Today's automation systems make the entire pipeline operation much more reliable than before. With this augmented reliability come increased safety, enhanced throughput and engine efficiency, and less downtime.

For example, automation control systems increase preventative maintenance efficiency by providing a more accurate picture of engine performance than ever before possible. With ethernet networking, it is now possible to monitor individual engine performance, as well as individual station performance, from a centralized gas control location and to spot potential problem areas before they occur. Instead of shutting down and overhauling engines based on run-times, the engines will be out of service only when they require maintenance. This means cost reductions and extended intervals between overhauls.

Competitiveness

Obviously, the gas industry operates within a highly competitive, spot-market environment. Small price differences have significant ramifications. In such a situation, it is a distinct advantage to keep operation costs as low as possible. This is the strength of advanced automation.
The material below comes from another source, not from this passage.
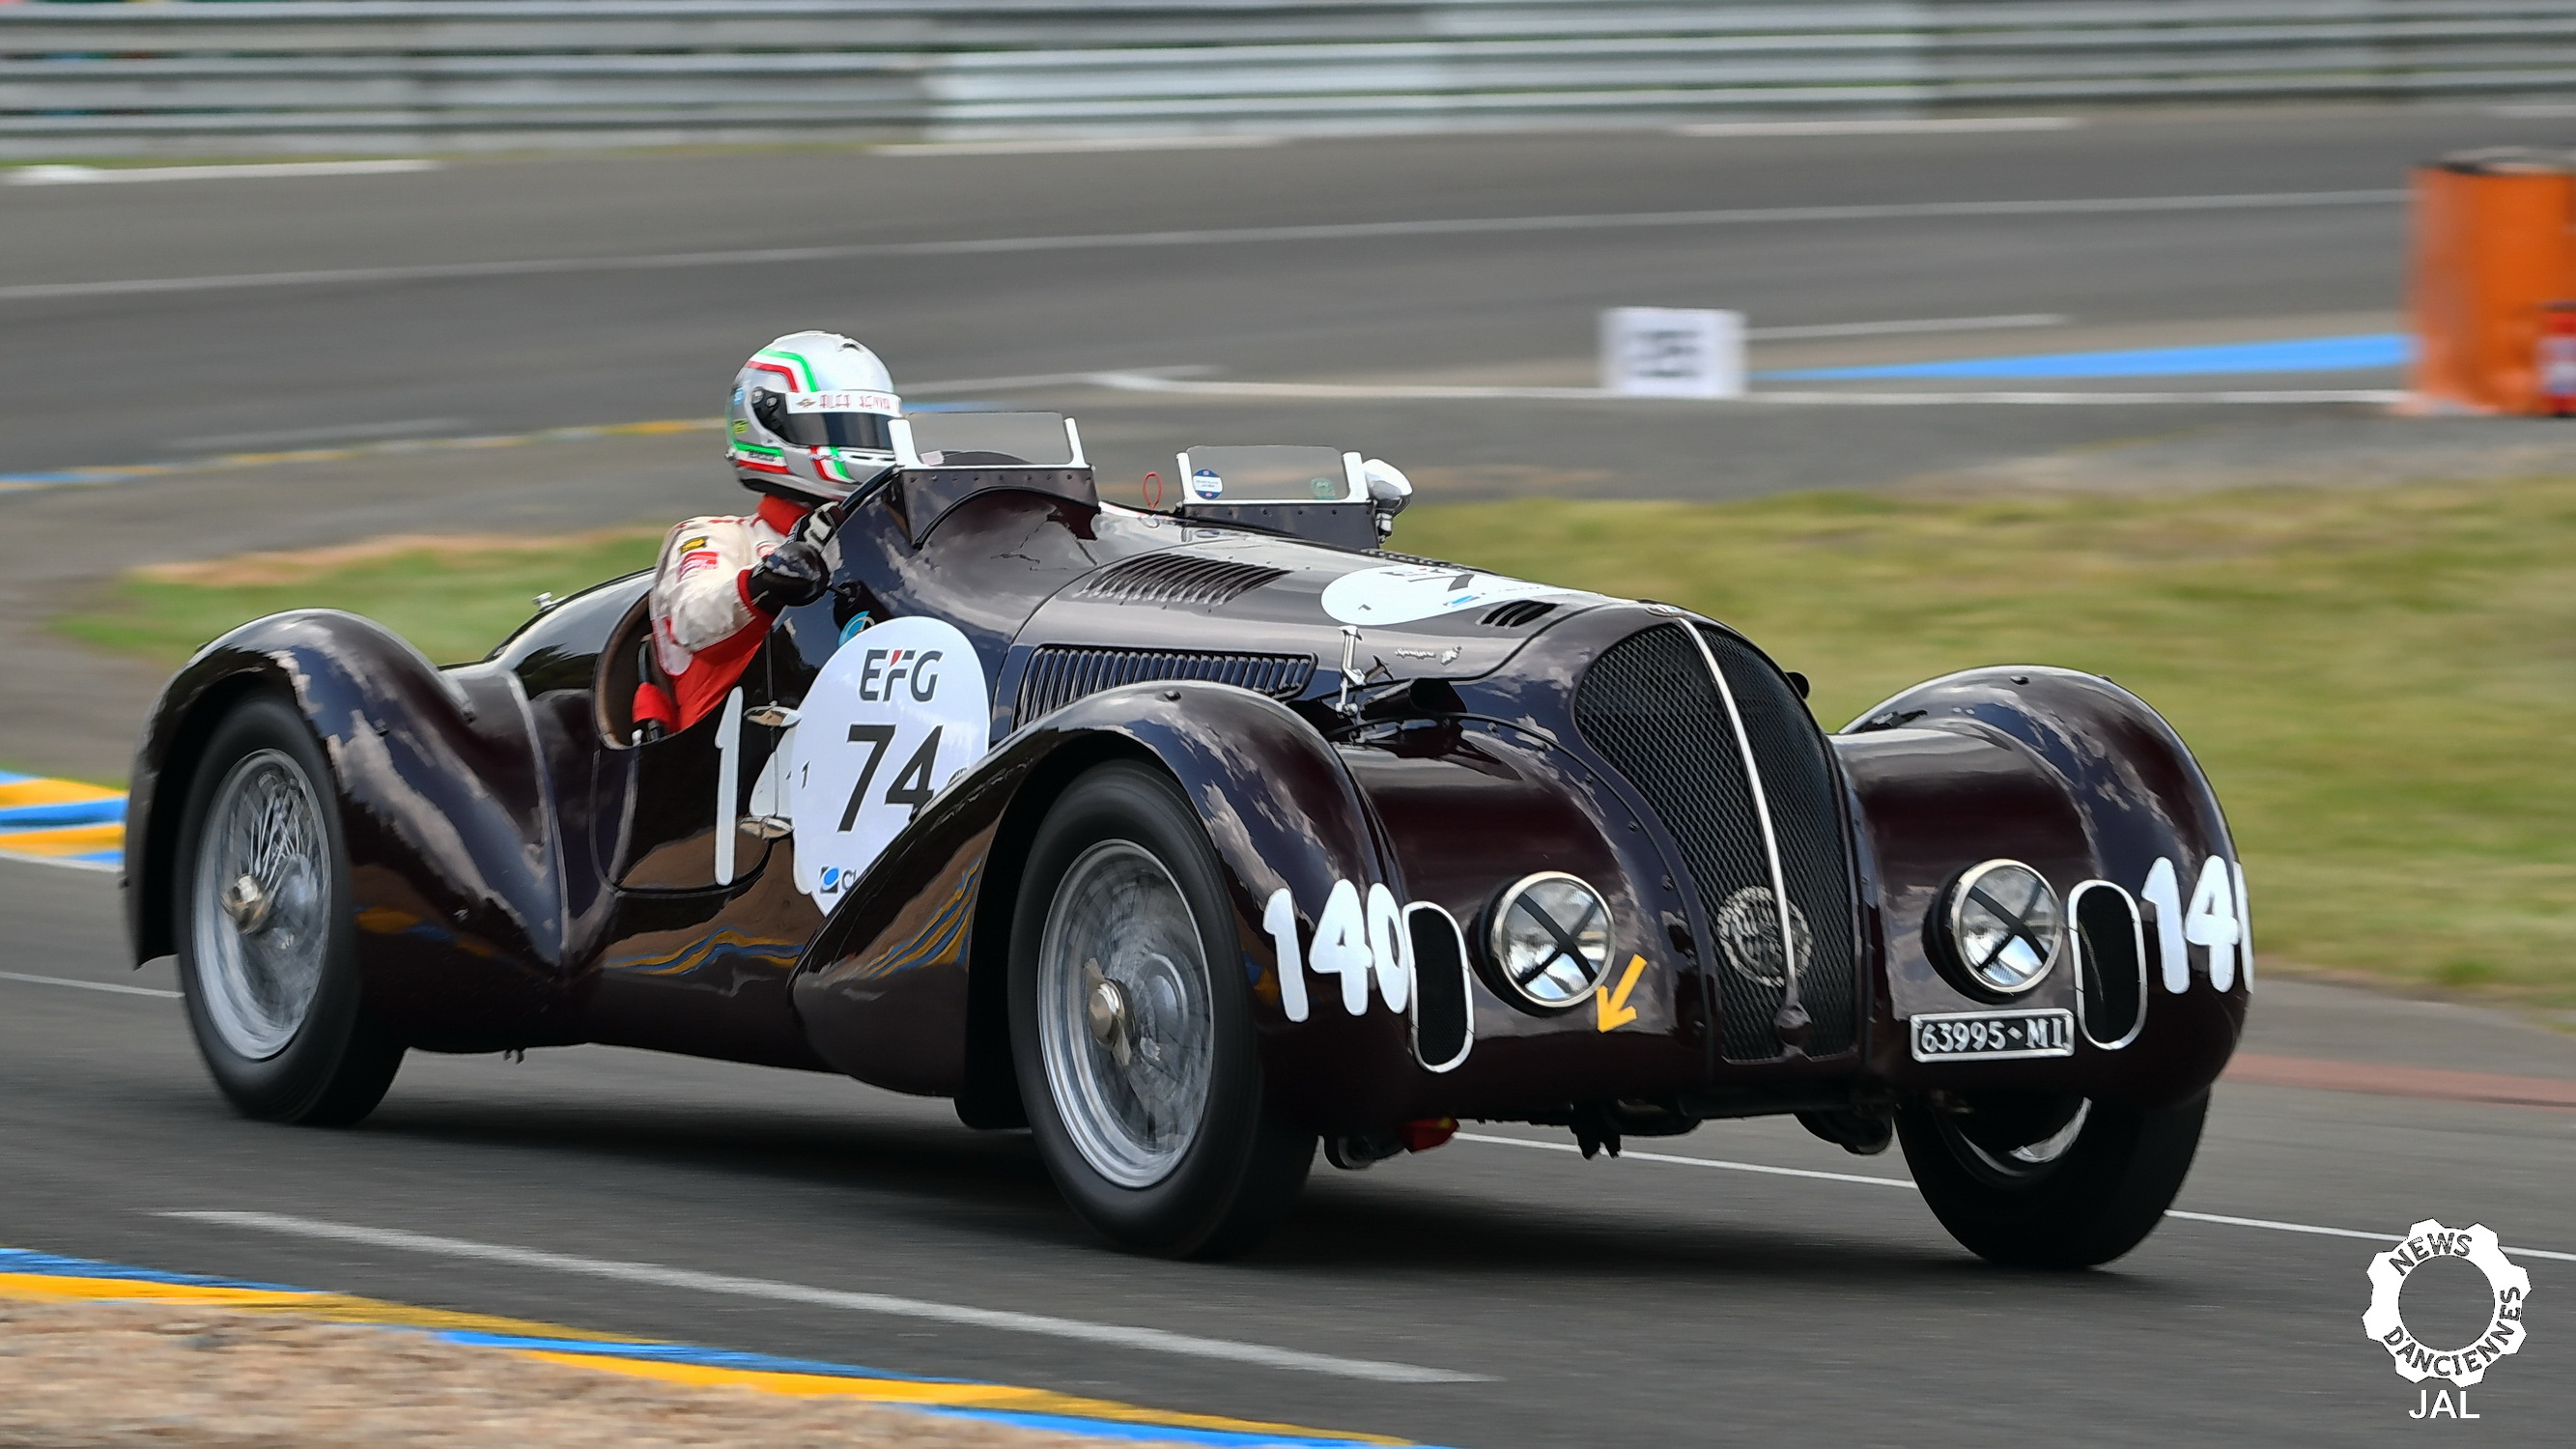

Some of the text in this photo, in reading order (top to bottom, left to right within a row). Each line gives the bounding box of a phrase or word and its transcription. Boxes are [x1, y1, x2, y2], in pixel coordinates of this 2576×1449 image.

[860, 649, 944, 702] EFG
[836, 724, 944, 833] 74
[1262, 879, 1409, 1023] 140
Gas companies are still their own biggest customers. Fuel gas constitutes a large percentage of what flows through the pipeline. Increased engine efficiency resulting from automation significantly lowers the amount of fuel gas consumption, thus saving the company substantial amounts of money.

In the end, the more efficient the engines and station control operations are, the more competitive they can be. And the cheaper the utilities get their supplies, the better they can hold prices for end users.
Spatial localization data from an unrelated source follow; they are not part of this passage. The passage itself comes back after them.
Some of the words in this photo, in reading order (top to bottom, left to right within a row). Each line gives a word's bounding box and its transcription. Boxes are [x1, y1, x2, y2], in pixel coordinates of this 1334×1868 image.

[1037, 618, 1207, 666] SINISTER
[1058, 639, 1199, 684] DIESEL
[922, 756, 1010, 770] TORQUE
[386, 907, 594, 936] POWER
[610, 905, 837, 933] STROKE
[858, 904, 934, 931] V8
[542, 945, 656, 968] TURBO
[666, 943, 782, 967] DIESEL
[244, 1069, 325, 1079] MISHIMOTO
Advanced automation can pass cost savings through the entire pipeline system-all the way from gathering and processing to the end user. In a simplified model, if capital expenditures to maintain the system increase, utilities must raise rate bases to cover the additional costs. However, with the new automation systems, these increases can be kept to a minimum because of actual reductions in operating costs and gains in efficiency.

Need for efficiency

Traditionally, cost-justification has been the main argument against automation.

With the new technology available, this argument is no longer valid. When properly designed, today's automation systems can demonstrate payback within 18-24 months.

The need for efficiency is forcing natural gas pipeline companies to recognize the value of automation. It is no longer a question of automating or not. It is now a question of when-and how long companies can afford not to.

The Author

Randy Bomar, president and chief executive officer of Advanced Control Engineering Services, has more than 18 years of direct pipeline experience. ACES, a gas pipeline automation specialist, has completed projects for many major gas companies and has developed partnership alliances with Williams Natural Gas, Northwest Pipeline Corp., Tennessee Gas Pipeline, and Columbia Gulf Transmission.

Case study: automating a pipeline's engine control system

Randy Bomar
Advanced Control Engineering Services
Houston
IN THE EARLY 1980s, SEVERAL major gas pipeline companies moved into the first phase of electronic microprocessor automation and control by installing industrial computers used by the gas industry for the automatic operation and monitoring of reciprocating engines and turbines and the remote control of compressor stations.

One of these early microprocessors was a PDP-11 computer manufactured by Digital Equipment Corp. (DEC). The unit was designed for use in the business industry and was never intended for the type of service requirements of a gas compressor station.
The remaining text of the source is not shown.